Dataset entries
Start of Block
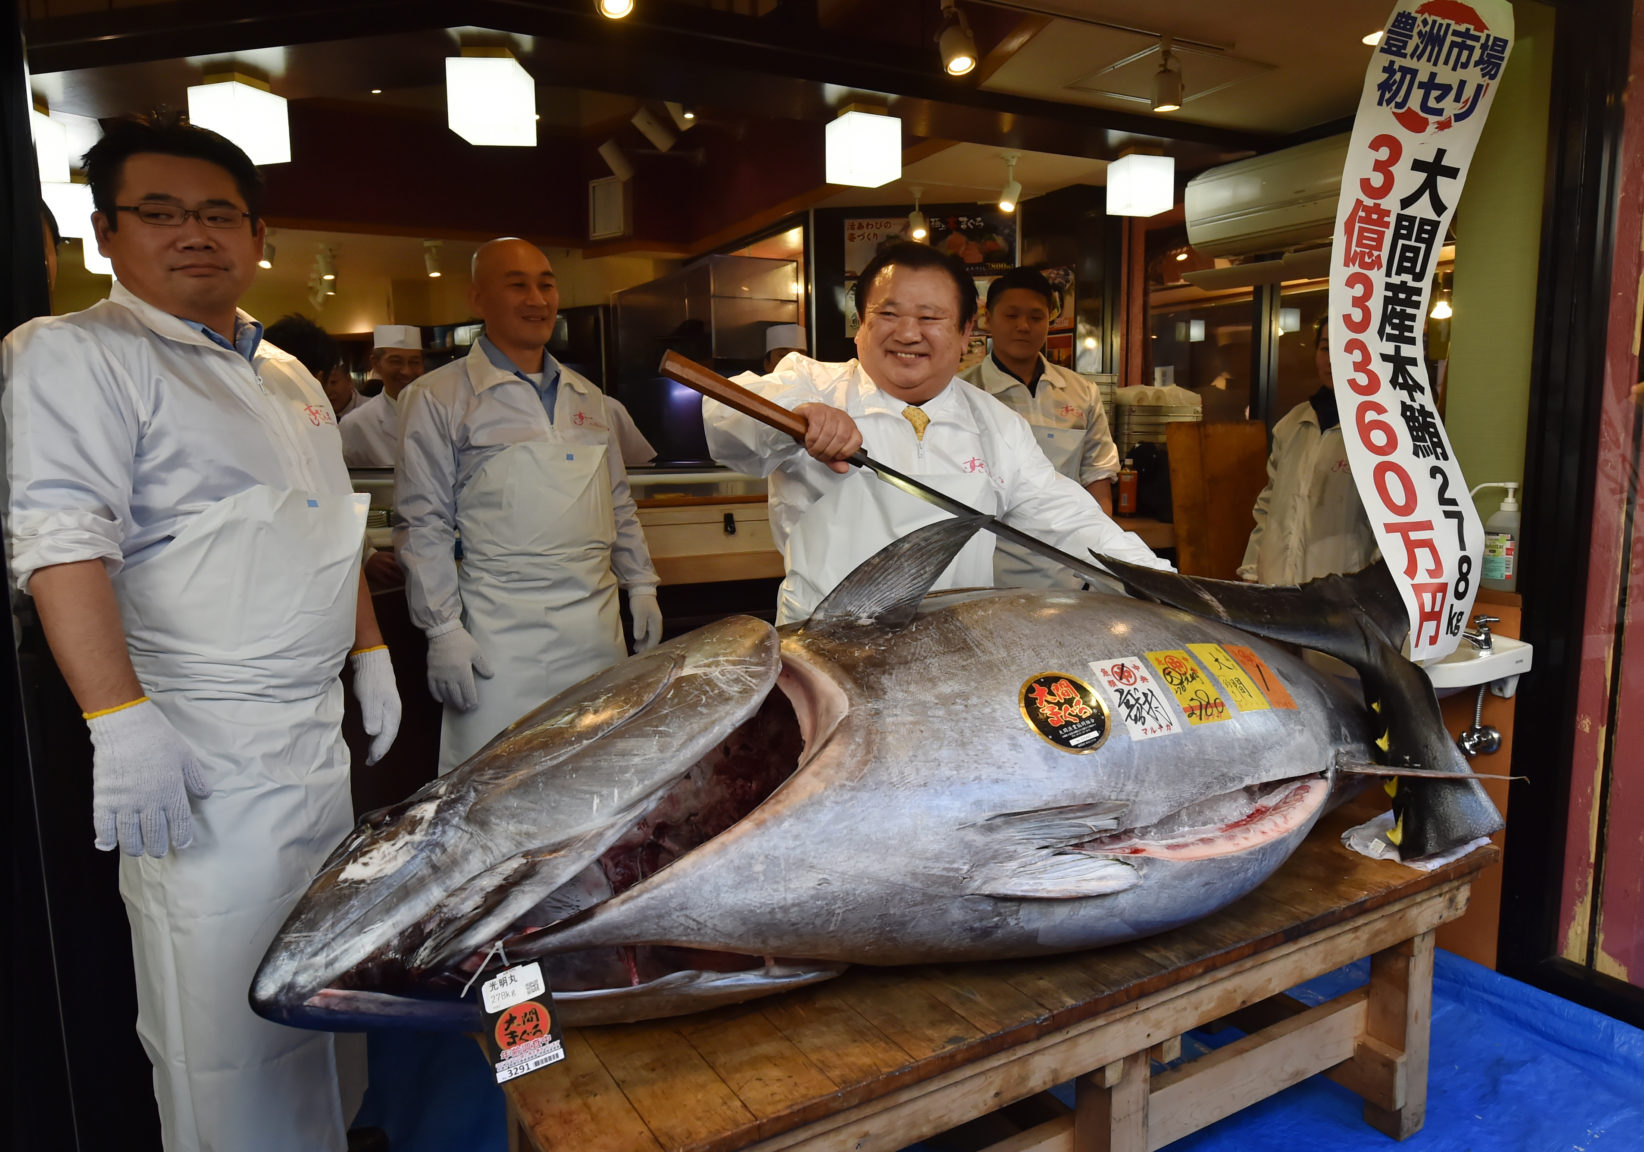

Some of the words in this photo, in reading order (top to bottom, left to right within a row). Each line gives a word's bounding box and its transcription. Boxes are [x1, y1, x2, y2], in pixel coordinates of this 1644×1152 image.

[1379, 10, 1509, 81] 豊洲市場
[1376, 60, 1484, 123] 初セリ
[1342, 133, 1448, 648] 3億3360万円
[1028, 678, 1080, 707] 大間
[1039, 698, 1093, 728] まぐろ
[489, 973, 519, 992] 光明丸
[503, 1007, 541, 1032] 大間
[503, 1023, 544, 1047] まぐろ
[507, 1063, 532, 1078] 3291
End of Block
The required output is every line of the data above, set down exactly and stripped of pictures.

▶ **TASK RESPONSE**:
Some of the words in this photo, in reading order (top to bottom, left to right within a row). Each line gives a word's bounding box and its transcription. Boxes are [x1, y1, x2, y2], in pixel coordinates of this 1644×1152 image.

[1379, 10, 1509, 81] 豊洲市場
[1376, 60, 1484, 123] 初セリ
[1342, 133, 1448, 648] 3億3360万円
[1028, 678, 1080, 707] 大間
[1039, 698, 1093, 728] まぐろ
[489, 973, 519, 992] 光明丸
[503, 1007, 541, 1032] 大間
[503, 1023, 544, 1047] まぐろ
[507, 1063, 532, 1078] 3291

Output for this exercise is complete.